И все же счел нужным поправить себя: пока верны…
— Я все записал, — сообщил Шекспир, прерывая как диалог Смотрителя с Елизаветой, так и его диалог с самим собой.
— У тебя с собой все записи? — спросил Смотритель.
— Все, конечно.
— Дай-ка их мне. Я вызову переписчика: пусть сдублирует. Береженого Бог бережет… — Забрал довольно пухлую уже пачку листов, поинтересовался: — Продолжим? Силы есть? Желание не пропало?
— Нет, — сказала Елизавета. — Я даже не устала ни ка пельки.
А Шекспир спросил:
— Можно я сначала стих прочту?
— Чей? — удивился Смотритель.
Уж чего-чего, а любви Уилла к поэзии Смотритель не ожидал.
А тот и вовсе огорошил:
— Собственный, — скромно потупился он. — Я его для Елизаветы сочинил.
— Когда? — настаивал вконец ошеломленный Смотритель.
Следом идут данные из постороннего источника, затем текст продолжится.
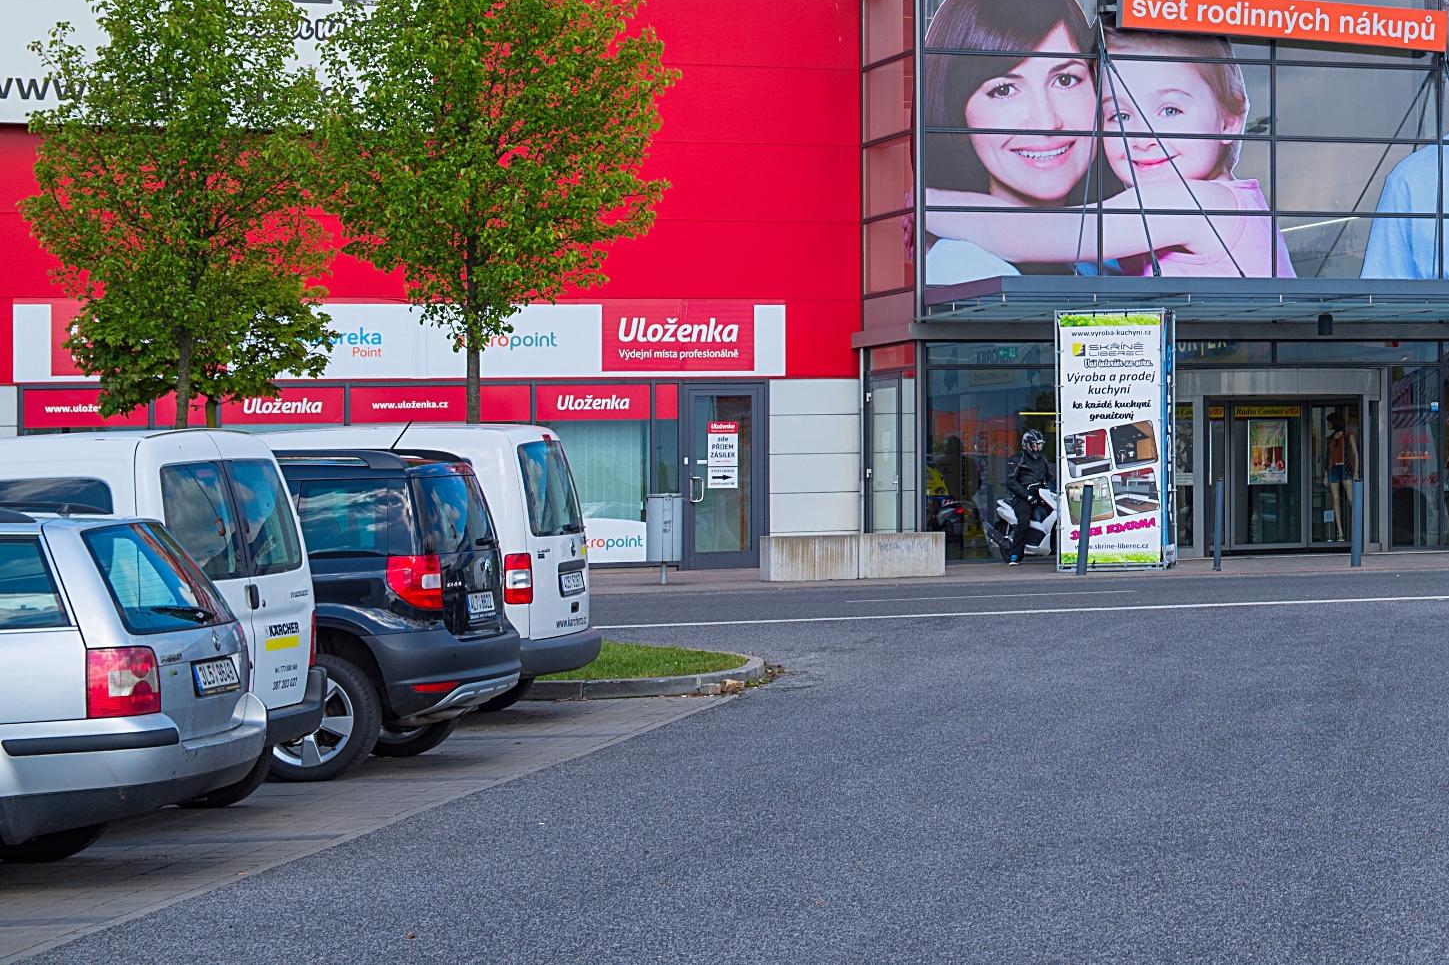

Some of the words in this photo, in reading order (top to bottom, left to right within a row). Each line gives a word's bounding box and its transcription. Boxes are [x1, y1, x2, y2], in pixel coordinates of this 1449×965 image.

Воистину чудны дела твои, менто-коррекция! Или это вовсе не ее дела?
— Да вот сейчас прямо. Записал первый акт, а потом как-то вдруг сочинилось. Никогда не думал даже, а тут… Может, плохо? Послушайте, я ведь это… впервые… и рифма слабая… — Он всмотрелся в привычно корявые строки. Начал: — Избави Бог, меня лишивший воли, чтоб я посмел твой проверять досуг, считать часы и спрашивать: доколе? В дела господ не посвящают слуг. Зови меня, когда тебе угодно, а до того я буду терпелив. Удел мой ждать, пока ты не свободна, и сдерживать упрек или порыв. Ты предаешься ль делу иль забаве, — сама ты госпожа своей судьбе. И, провинившись пред собой, ты вправе свою вину прощать самой себе…
[4]
Он поднял глаза от листа. Жутковато было увидеть, но в них читался собачий страх: не ударят ли? Уилл сделал несанкционированное и опасался реакции. Черт, черт, черт, неужели он считает графа хозяином?..
Елизавета молчала — потрясенная то ли услышанным вообще, то ли тем, что услышанное обращено к ней. Похоже, ей никто никогда не посвящал стихов. А она кому-нибудь посвящала?..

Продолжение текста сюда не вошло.